TOKYO (Lentera) -Politisi konservatif Jepang, Sanae Takaichi, membuka lembaran baru dalam sejarah politik Jepang setelah terpilih menjadi ketua Partai Demokrat Liberal (LDP) pada Sabtu (4/10/2025).
Kemenangan ini menempatkan Takaichi di jalur kuat untuk menjadi perdana menteri wanita pertama di Jepang.
Takaichi (64) dikenal luas sebagai tokoh nasionalis dan pendukung kebijakan keras terhadap China. Ia juga merupakan pengagum mantan Perdana Menteri Inggris, Margaret Thatcher.
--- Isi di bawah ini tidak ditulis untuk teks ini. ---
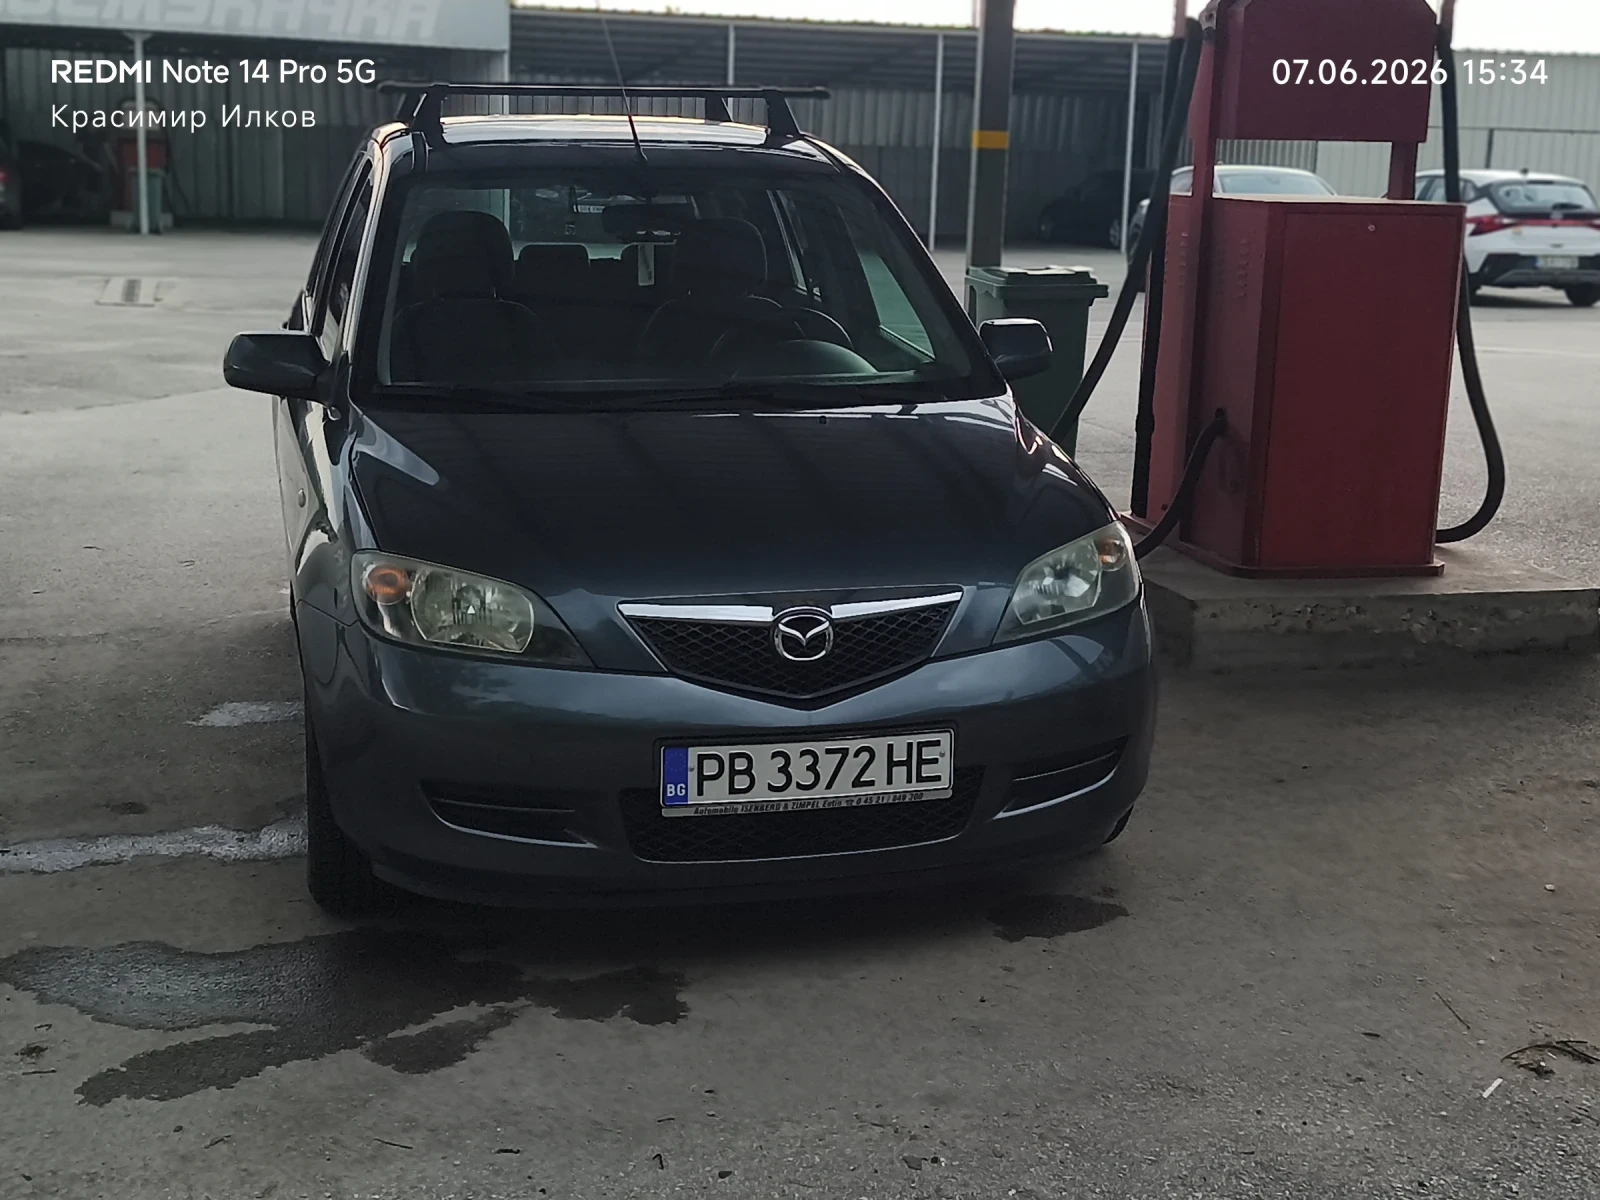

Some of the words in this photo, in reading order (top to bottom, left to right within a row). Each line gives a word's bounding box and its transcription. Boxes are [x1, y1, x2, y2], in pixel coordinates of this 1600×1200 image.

"Segunung pekerjaan menanti untuk memulihkan nasib LDP," ujar Takaichi dalam pidato kemenangannya di kantor pusat partai, disambut tepuk tangan para pendukung.
Ia menambahkan, "Kita semua harus bersatu lintas generasi dan bekerja sama untuk membangun kembali (LDP). Semua orang harus bekerja keras," dikutip dari kantor berita AFP.
Takaichi menang dalam pemilihan putaran kedua melawan rivalnya, Shinjiro Koizumi (44), yang dikenal lebih progresif secara sosial dan digadang-gadang bisa membawa penyegaran generasi bagi partai.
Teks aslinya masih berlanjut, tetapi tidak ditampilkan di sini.